Nachdem er einen Film über Heiler im Himalayagebiet gesehen hatte beschwerte sich der Fett- und Filzkünstler Joseph Beuys: „Diese Schamanen haben buchstäblich alles bei mir geklaut!“. Und nach einem alten Werbespot von Humanic ist die Wirklichkeit nicht wirklich wirklich, aber wirklich ist sie doch. (Wobei der Slogan nicht nur den Konstruktivismus meint.)

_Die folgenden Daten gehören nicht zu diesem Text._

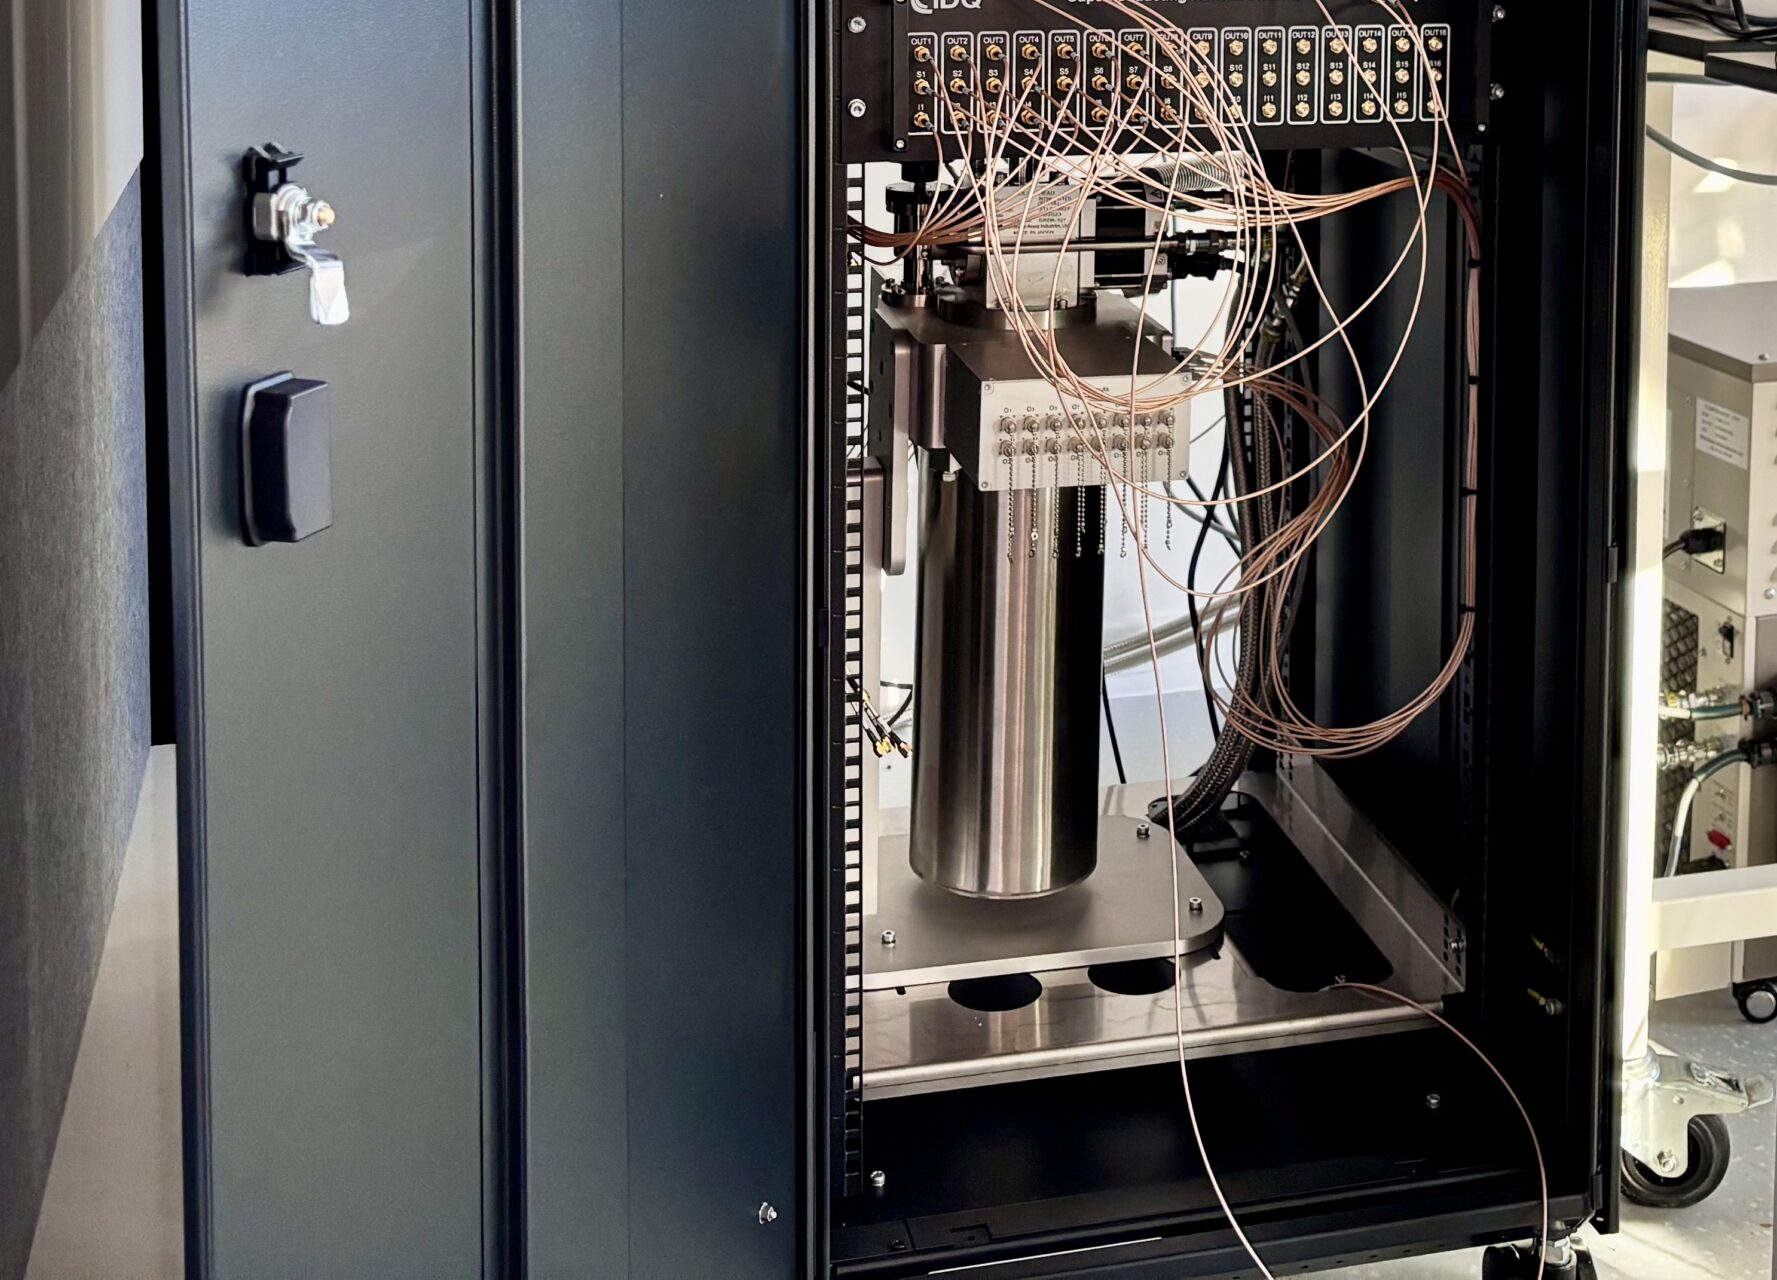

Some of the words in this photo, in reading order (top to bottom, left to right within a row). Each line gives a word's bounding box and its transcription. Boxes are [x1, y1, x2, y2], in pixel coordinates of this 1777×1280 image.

Auch im steirischen herbst 2020 war allenthalben ein Leiden an der Wirklichkeit bzw. Unwirklichkeit zu beobachten: Utopien auf hohem Abstraktionsniveau im Forum Stadtpark, Thematisierung des Spannungsfeldes von Ungewissheit und Risiko im < rotor > mit In der Schwebe und Selbstbefragung der Autoren im Literaturhaus, ob ihnen nicht ihre erfundenen Figuren die Sätze in den Mund legten. Die Intendantin Degot selbst legte es auf  Verwirrung hinsichtlich ihrer zwei Eröffnungsreden, der Bio-Live-Rede im Orpheum oder der zeitgleich auf 99 Bildschirmen in der Grazer Innenstadt gezeigten, an. Auch der Titel ihres Leuchtturmprojektes Paranoia TV entsprach diesem Ansatz. Aber neu an dem hauseigenen Fernsehen war weniger der mittlerweile inflationäre Einsatz von digitalen Übertragungungen (Streaming, etc.). Genial war vielmehr der Kunstgriff der Intendantin Degot und ihrer Mitdenker, den technisch-digitalen Behelfen in Zeiten von Corona eine eigene, dramaturgische  Rolle zu geben. Das Streaming von Performances, das Ausstrahlen hausgemachten Fernsehformate wurde von einer inflationären, zweitklassigen Kommunikation aufgewertet zur künstlerischen Metaerzählung. Der Veranstalter wurde zum Künstler, der seine Verfahrensweisen reflektiert. Schöner war nur die Paranoia TV Zentrale im ehemaligen Schuhhaus Spitz, die vom Grazer Publikum viel zu wenig genutzt wurde.
Die Sendungen im Paranoia TV waren demgegenüber durchwachsen: Jede Menge Diskussionen, wirklich kluge Leute im gegenseitigen Austausch, also Zwei- und Dreiergespräche, Ulk mit möglicherweise tieferem Sinn. All das geadelt durch absichtsvollen Trash auf dem bekannten filmischen Amateurniveau. Was da verhandelt wurde, war auf einem beachtlichen Abstraktionsniveau in dem bekannten Sinn gut und richtig, Talking Heads könnte man sagen. Sicher, auch in der Steirischen Akadmie wurde viel gequasselt und selbst das wohlmeinende Publikum stöhnte unter Publikationswut von Intendant Haberl. Aber die Informationsfluten waren damals eher eingedämmt durch flamboyante Gegenprogramme. Ob gut oder schlecht, neben Trash und Realismus-Pulp zeigt sich Kunst immer stärker in Diskursform.
Und was hat das alles mit „Diese Schamanen haben buchstäblich alles bei mir geklaut!“, der Klage von Joseph Beuys zu tun? Der Schamane nimmt mit einem unsichtbaren Geist, der sich des Kranken bemächtigt hat, Verhandlungen auf und versucht ihn zu bestechen, damit er sein Opfer freigibt. Das wandelbare, für das unbewaffnete Auge unsichtbare Coronavirus oder der ungreifbare Kapitalismus können gut als böse Geister angesehen werden, der Gesellschaftskörper mit seinen Infizierten und Verarmten ist natürlich der Kranke und die Akteure im Paranoia TV geben die Schamanen. Am Ende der  traditionellen, künstlerisch-magischen Beschwörungen steht kluges Gerede, die schamanistische Ekstasetechnik (um Mircea Eliade zu  zitieren) mündet in Diskurse, das Rationale wird zum Irren. Alles klar?